The Kidnapping of the President

(George Mendeluk, 1980)
The "President" part of the title is taken care of by sending Hal Holbrook on a diplomatic mission to Toronto, with stumblebum entourage including Secret Service hack William Shatner. The "Kidnapping" part is taken care of by an explosive truck permanently parked in Nathan Phillips Square. Thus - after the first act throws us a couple White House sets, a weekend-in-Cancun guerrilla opener, the old reliable exploding gas station, and a ticker tape parade down a notably abbreviated side street - things give way to an even more brutally efficient, one-location movie. Sure it's totally ridiculous, but it also manages to be pretty entertaining - most interestingly, the state security apparatus is as bewildered as the terrorists themselves, and the power-mad interactions that ensue lead unpredictably into bad decisions and failed gambits. As a result the tension building devices tend to work, providing a nice counterpoint to the slop-trough of hams in the foreground.
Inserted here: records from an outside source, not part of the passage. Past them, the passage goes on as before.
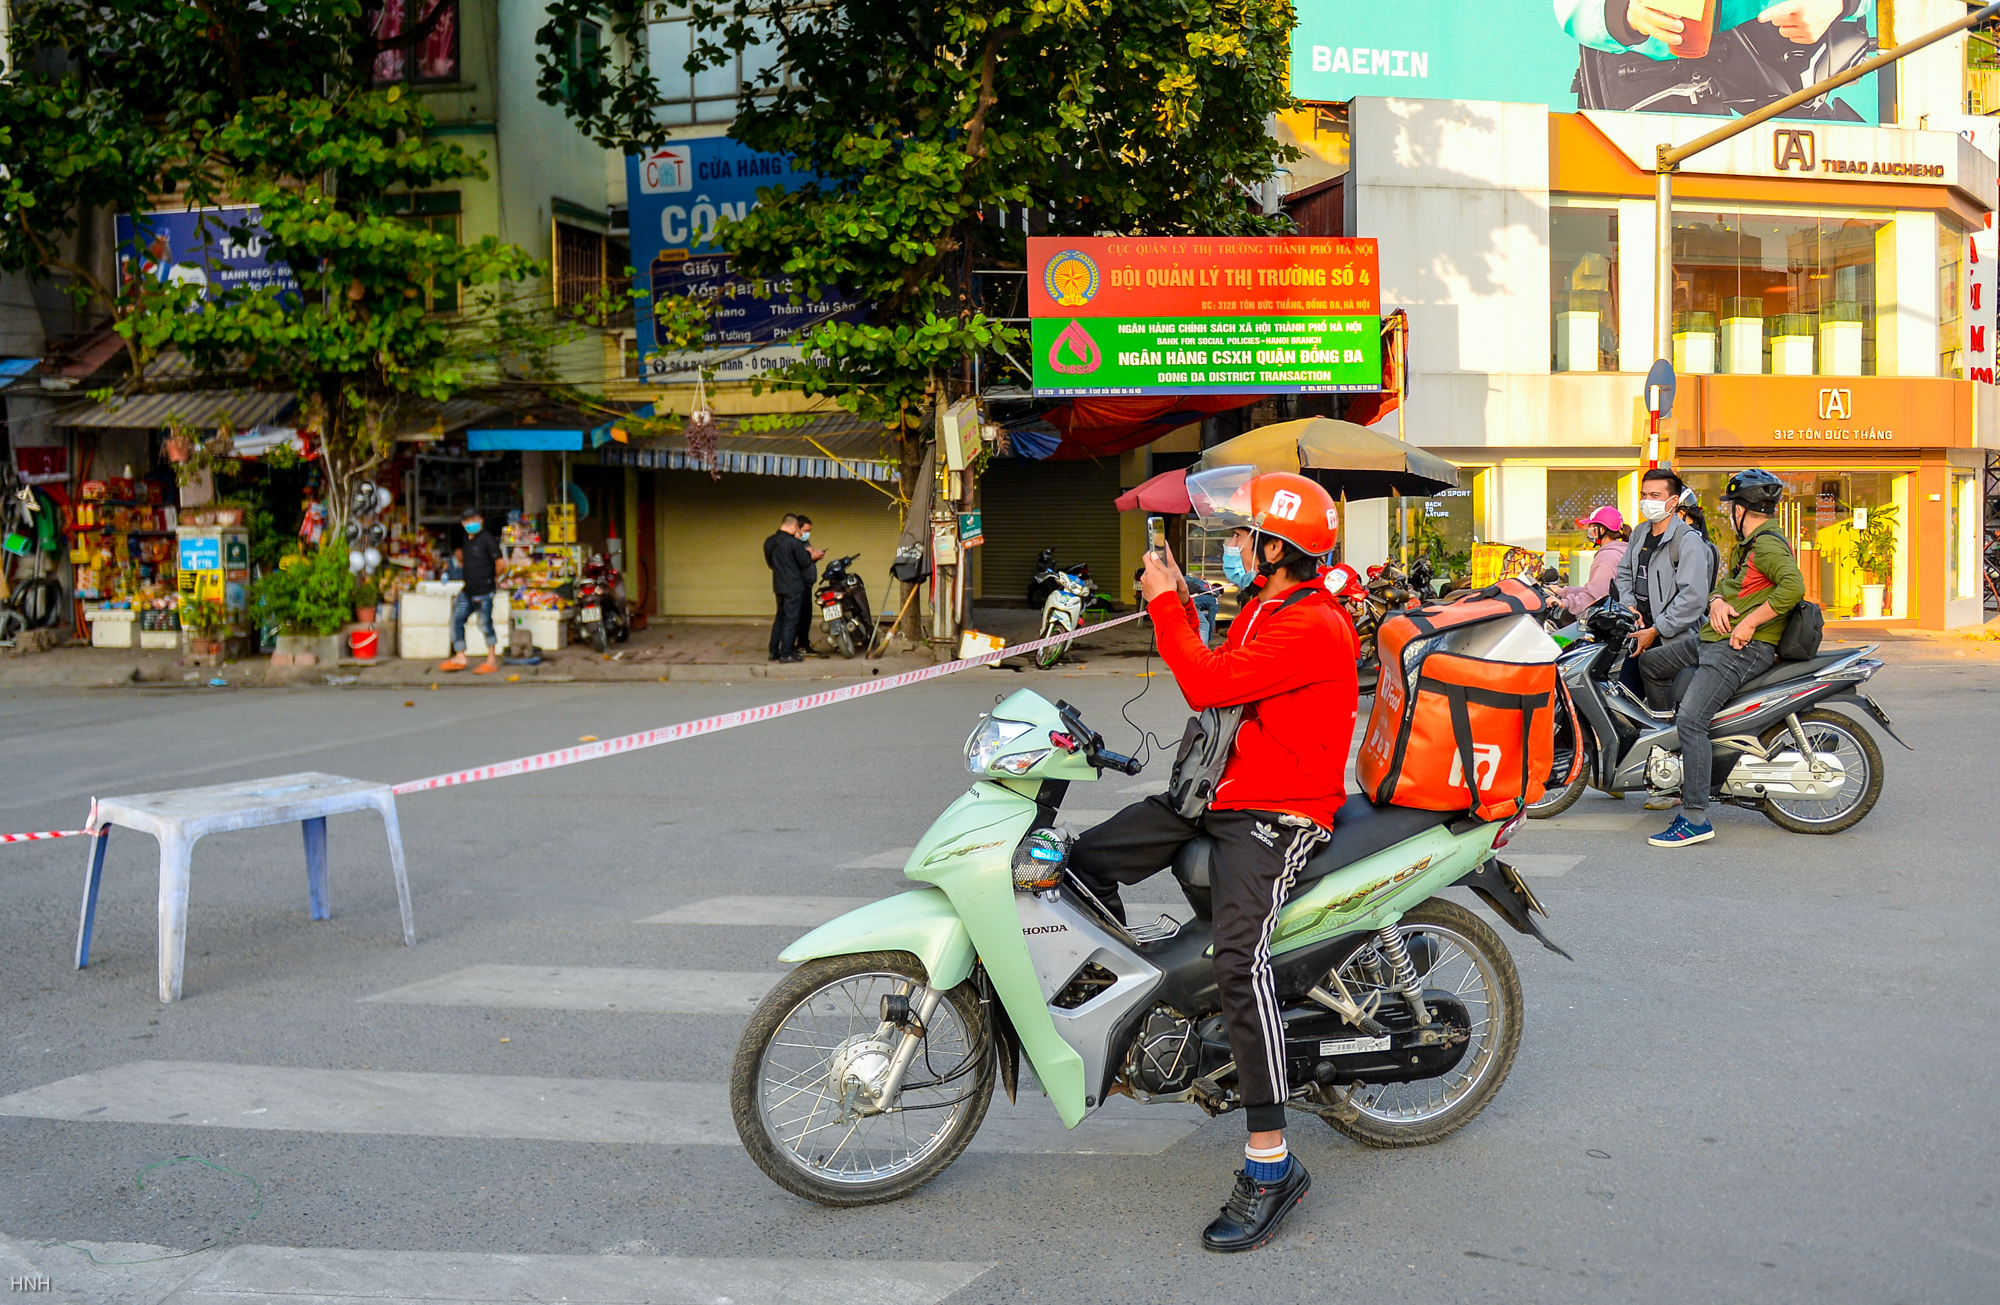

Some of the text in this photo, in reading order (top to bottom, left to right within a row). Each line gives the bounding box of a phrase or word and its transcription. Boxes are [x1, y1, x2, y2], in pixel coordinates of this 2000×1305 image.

[1312, 45, 1428, 78] BAEMIN
[699, 155, 732, 180] CỬA
[737, 154, 781, 177] HÀNG
[1821, 159, 1944, 178] TIBAO AUCHEHO
[1108, 241, 1373, 256] CỤC QUẢN LÝ THỊ TRƯỜNG THÀNH PHỐ HÀ NỘI
[1110, 262, 1370, 290] ĐỘI QUẢN LÝ THỊ TRƯỜNG SỐ 4
[1218, 301, 1236, 310] 312B
[1239, 299, 1255, 310] TÔN
[1258, 299, 1273, 310] ĐỨC
[1276, 298, 1304, 311] THẮNG,
[1306, 298, 1327, 310] ĐỐNG
[1344, 299, 1354, 310] HÀ
[1357, 299, 1370, 311] NỘI
[1118, 319, 1362, 334] NGÂN HÀNG CHÍNH SÁCH XÃ HỘI THÀNH PHỐ HÀ NỘI
[1157, 337, 1178, 345] BANK
[1181, 337, 1196, 345] FOR
[1197, 337, 1224, 345] SOCIAL
[1291, 336, 1321, 344] BRANCH
[1118, 345, 1363, 367] NGÂN HÀNG CSXH QUẬN ĐỐNG ĐA
[1158, 371, 1331, 383] DONG DA DISTRICT TRANSACTION
[1773, 425, 1893, 441] 312 TÔN ĐỨC THẮNG
[1250, 830, 1274, 848] adidas
[1022, 923, 1069, 936] HONDA
Shatner and Holbrook's contrasting thespian rhythms are sandwiched between a panoply of street-level Canuck regulars (Gary Reineke, Miguel Fernandes, Maury Chaykin) and some bizarre Arthur Hailey-type interludes featuring Van Johnson's worse-than-Palin VP and Ava Gardner as his clotheshorse wife. The ending fails to resolve the various tensions, pasting a series of happy faces onto a trick shot that could have been one of the great iconoclastic statements of its era.